Culturally Competent Healthcare Systems
An important factor hindering a more beneficial relationship between a growing ethnically diverse U.S. population and our healthcare systems is the lack of both culturally sensitive and linguistically appropriate services. Ethnic disparities in health outcomes can result from differential access to services because of direct or indirect discrimination, diagnostic errors resulting from misunderstanding of language, and failure to attend to culturally based health beliefs and practices.

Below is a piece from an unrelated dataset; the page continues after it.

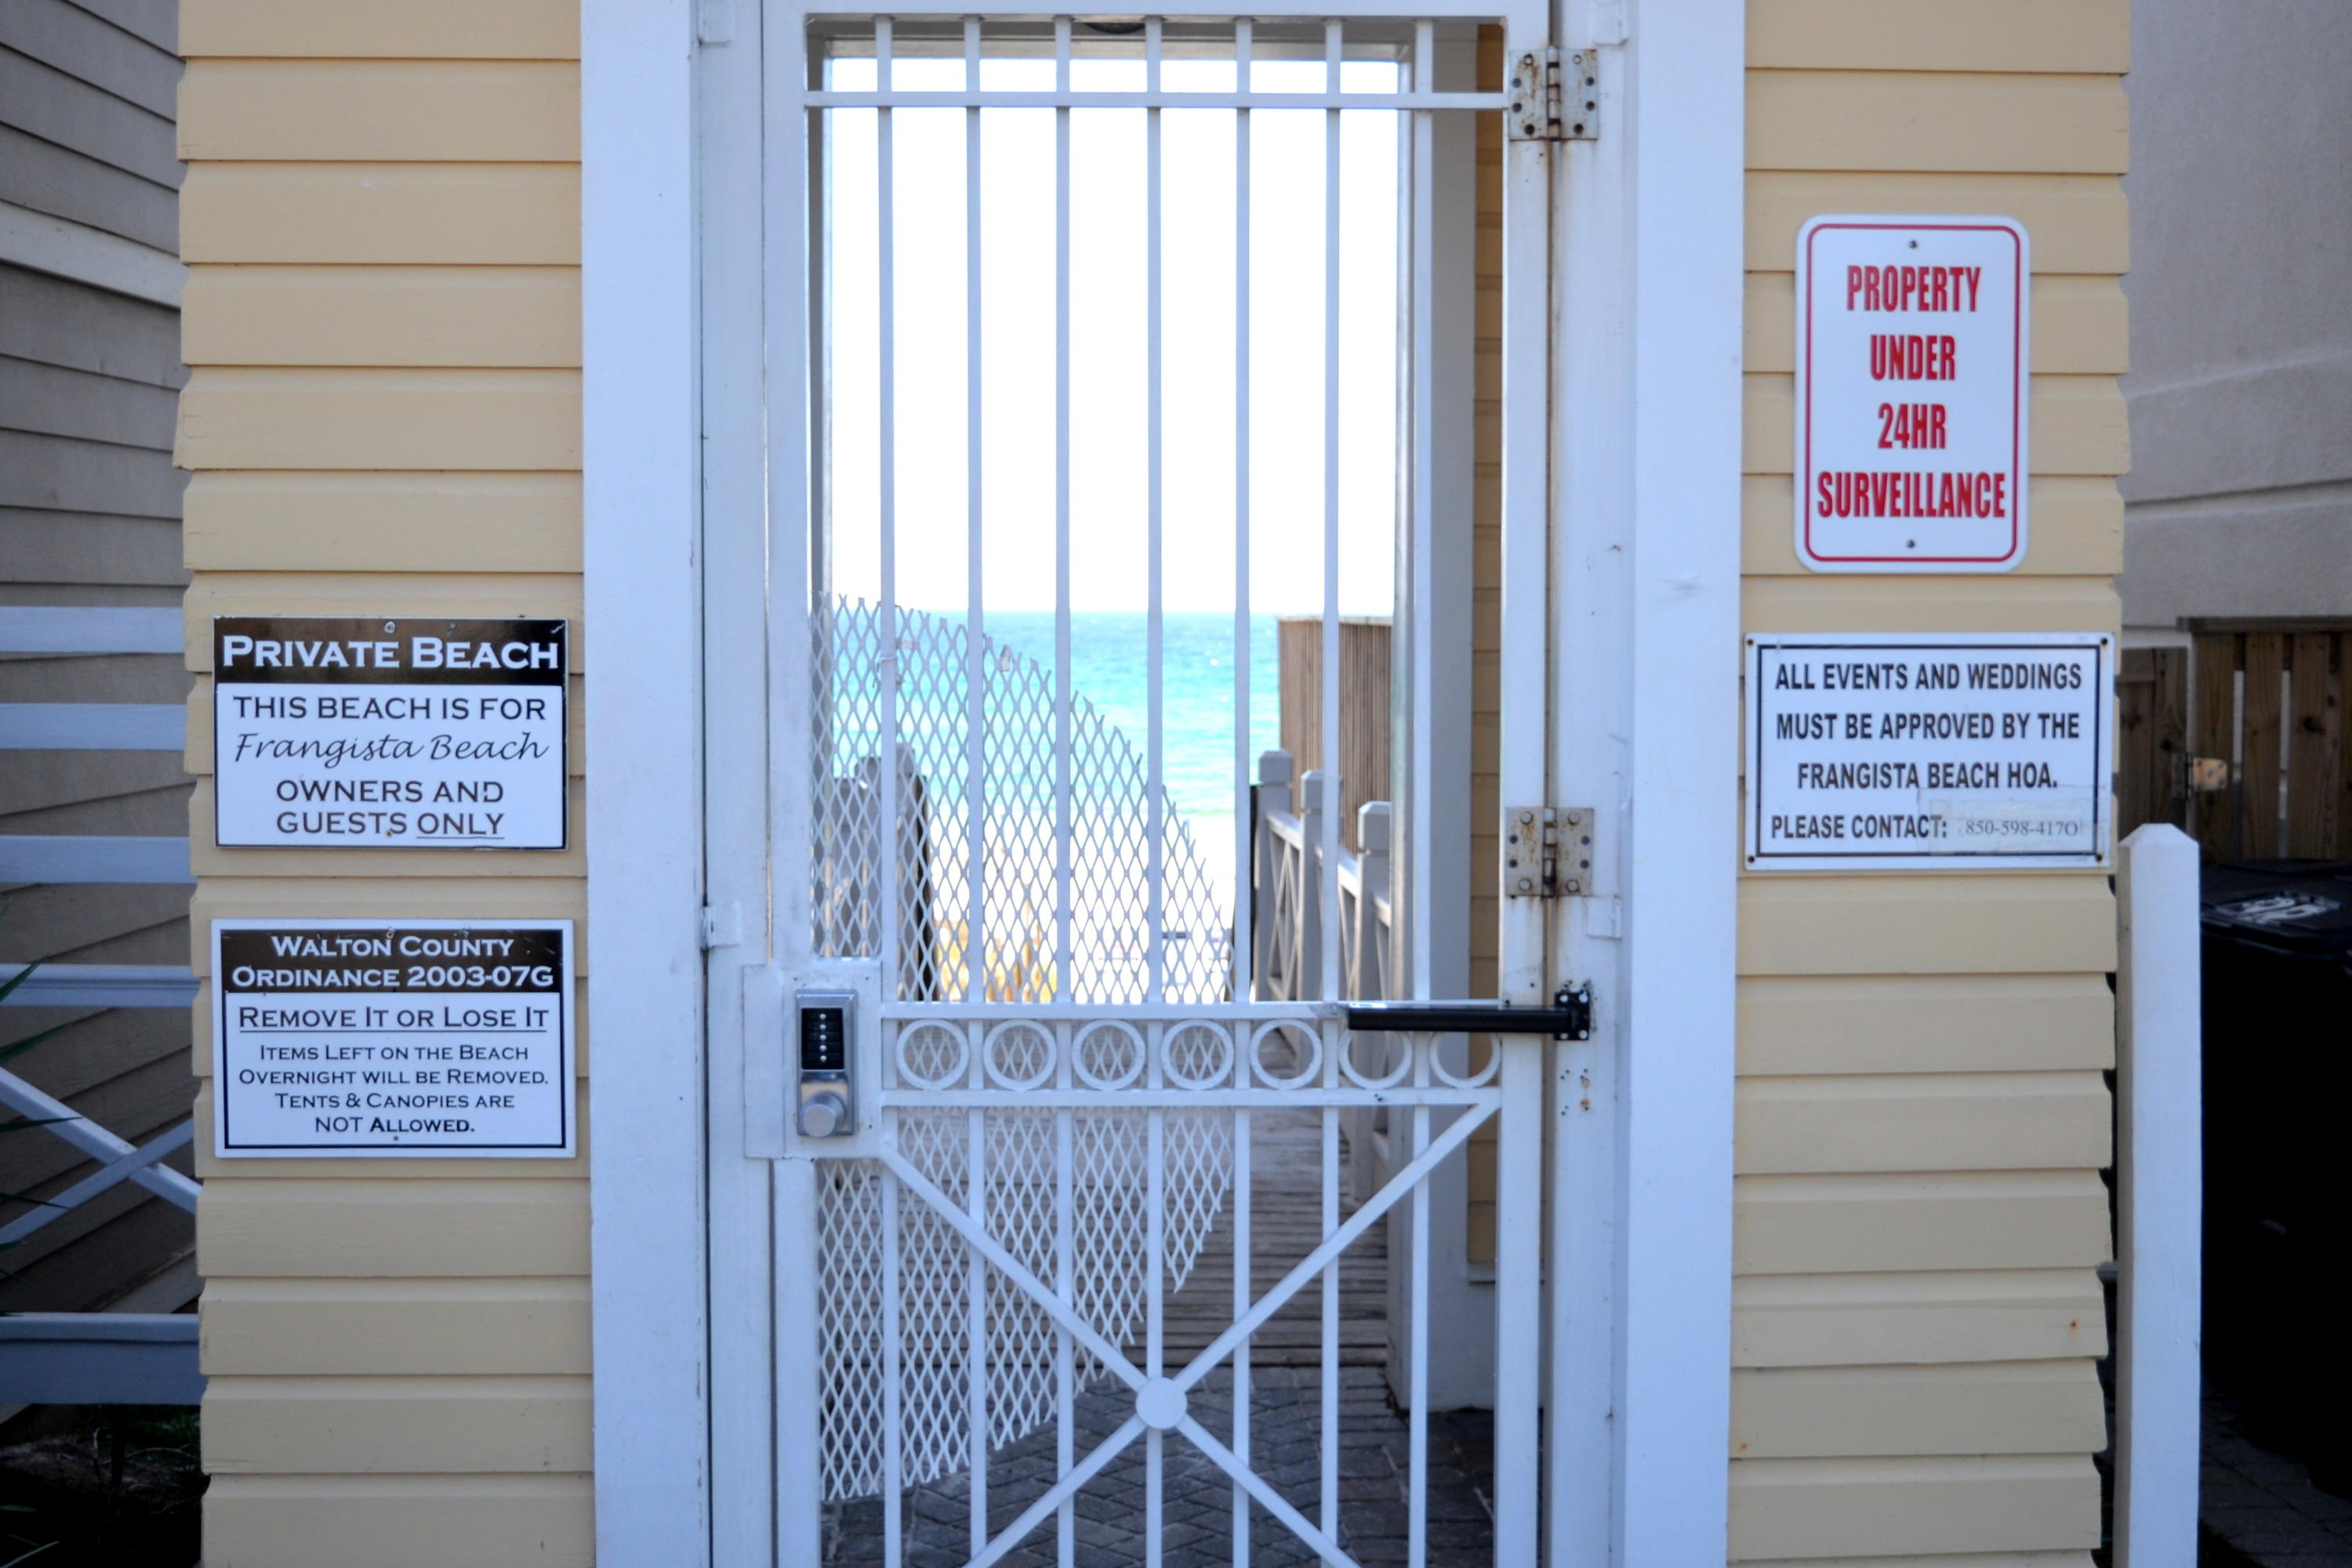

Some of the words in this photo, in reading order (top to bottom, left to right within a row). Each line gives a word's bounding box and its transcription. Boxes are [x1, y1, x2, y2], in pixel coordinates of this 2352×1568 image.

Culturally competent healthcare systems are intended to remove the barriers to access caused by discrimination as well as differences in language and culturally based health practices, and ultimately to decrease ethnic disparities in health status. The Task Force examined five relevant interventions: programs to recruit and retain staff who reflect the cultural diversity of the community served, use of interpreter services or bilingual providers for clients with limited English proficiency, cultural competency training for healthcare providers, use of linguistically and culturally appropriate health education materials, and culturally specific healthcare settings. Evidence was insufficient to determine the effectiveness of any of these interventions to reduce ethnic differentials in treatment and utilization, improve satisfaction with care, or improve health status outcomes. Of particular note was the lack of comparison or control groups against which to compare culturally competent interventions with interventions less informed by the language or culture of the client population. A need for further research in this area is discussed in the accompanying review article.
Definitions:
Strength of Evidence of Effectiveness = Strength of Recommendation
The strength of each recommendation is based on the evidence of effectiveness (i.e., an intervention is recommended on the basis of either strong or sufficient evidence of effectiveness).
If insufficient evidence to determine effectiveness is found, this means that it was not possible to determine whether or not the intervention works based on the available evidence.